I had not considered how profoundly the sample rate of the ADC would impact its usefulness for homing. So here are some numbers:

Type Samples Per Second Resolution @ 5mm/s Bits Differential Inputs Interface Data Sheet Sample Board
Digital Endstop Pin 66,666* 0.0003mm - - - - -
XH711 80 0.0625mm 16 2 SPI datasheet :arrow_upper_right:
ADS1115 80 0.0625mm 16 2 I2C datasheet :arrow_upper_right:
ADS1232 80 0.0625mm 24 2 SPI datasheet :arrow_upper_right:
ADS1256 30,000 0.00017mm 24 4 SPI datasheet :arrow_upper_right:
ADS1263 38,000 0.00013mm 32 5 SPI datasheet :arrow_upper_right:
  • Note 1: the digital endstop pins are sampled at 66.6k but they use 4 consecutive readings to trigger an event. So the effective triggering rate is ~16.6k leading to the lower than expected resolution.
  • Note 2: the effective resolution @ 5mm/s with multi-mcu homing is 0.125mm but timing based compensation is applied to improve that.
  • Note 3: The resolution for the ADC chips is theoretical and doesn’t include oversampling, which we may well need to do.

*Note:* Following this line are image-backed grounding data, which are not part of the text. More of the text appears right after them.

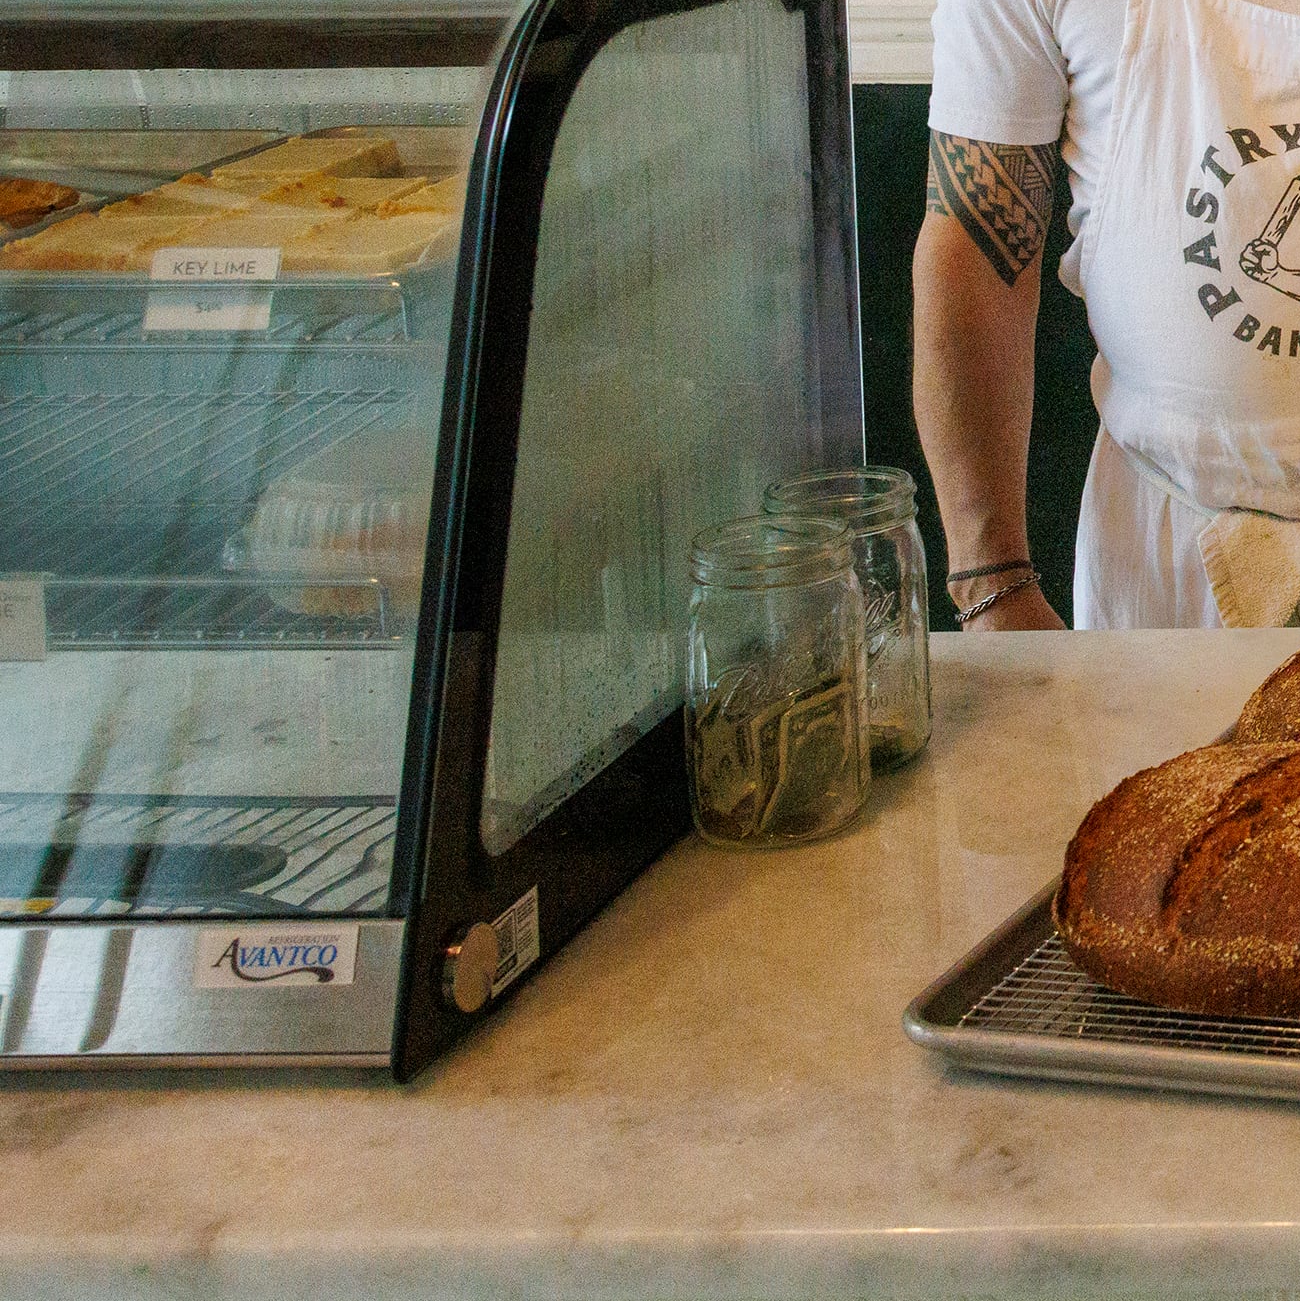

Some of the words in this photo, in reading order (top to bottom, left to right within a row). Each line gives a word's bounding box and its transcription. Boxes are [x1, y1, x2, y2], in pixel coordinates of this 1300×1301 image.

[172, 260, 209, 276] KEY
[212, 260, 257, 276] LIME
[210, 937, 339, 982] AVANTCO
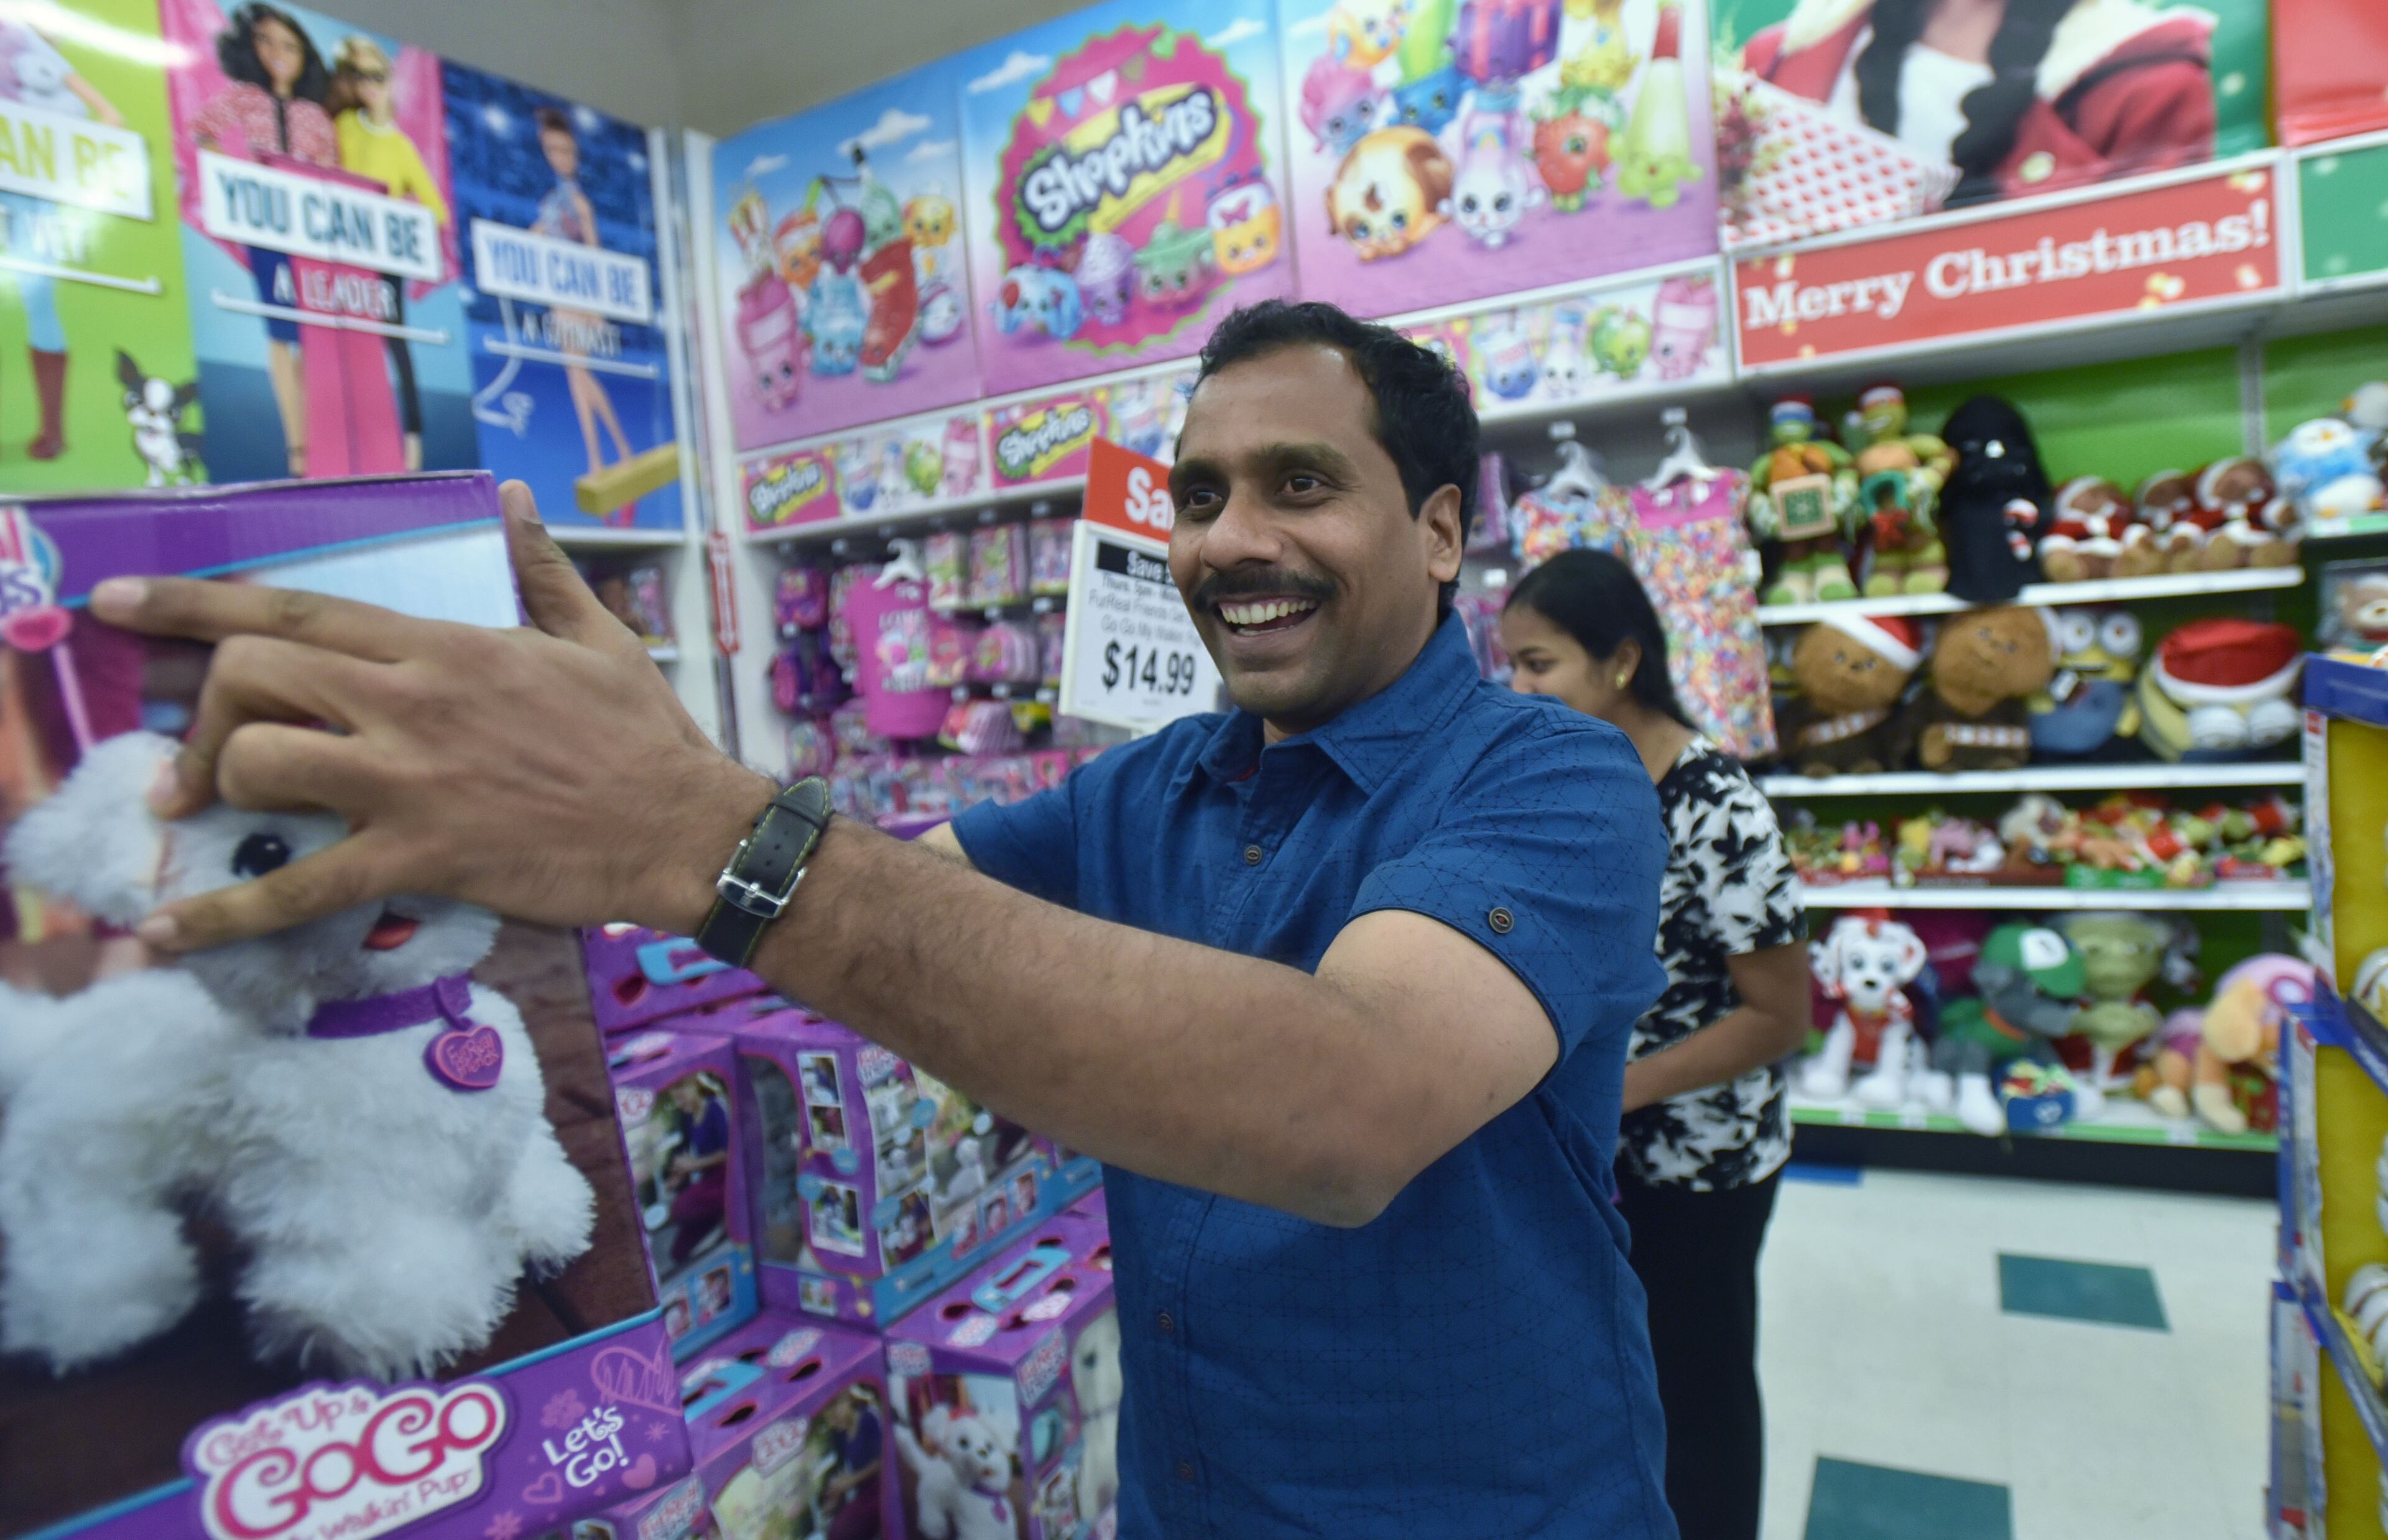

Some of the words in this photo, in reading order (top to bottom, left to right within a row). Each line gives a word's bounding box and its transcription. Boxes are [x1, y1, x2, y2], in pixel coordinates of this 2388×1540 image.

[1025, 92, 1214, 228] Shopkins
[218, 168, 290, 234] YOU
[303, 190, 376, 250] CAN
[384, 208, 423, 264] BE
[274, 262, 297, 305] A
[301, 267, 398, 321] LEADER
[547, 249, 601, 300] CAN
[607, 262, 638, 310] BE
[1744, 266, 1915, 330] Merry
[1923, 199, 2271, 300] Christmas!
[1126, 549, 1165, 582] Save
[1101, 637, 1195, 697] $14.99
[283, 1398, 344, 1431] Up
[542, 1406, 624, 1466] Let's
[416, 1467, 471, 1504] Pup
[565, 1432, 629, 1488] Go!

From this chart, only the ADS1256 and ADS1263 have a data rate that approaches the digital endstop pin. The sensors with an 80 SPS speed would only allow for 2 samples before they moved farther than the multi-mcu homing distance. That is a very narrow margin for success.

I’m going to develop for the ADS1263 because:

  • it supports the highest sample rate
  • Its available on a relatively cheap board that can be connected to a Pi or an MCU via SPI
  • It supports standard SPI (supposedly)
  • It has 5 differential inputs, I have a tool changer with 4 tools so that’s “enough” inputs
  • The ADS1256 board is more expensive for no obvious advantage to us

There probably is an ideal chip for this application but finding it on a ready made board is going to be tough.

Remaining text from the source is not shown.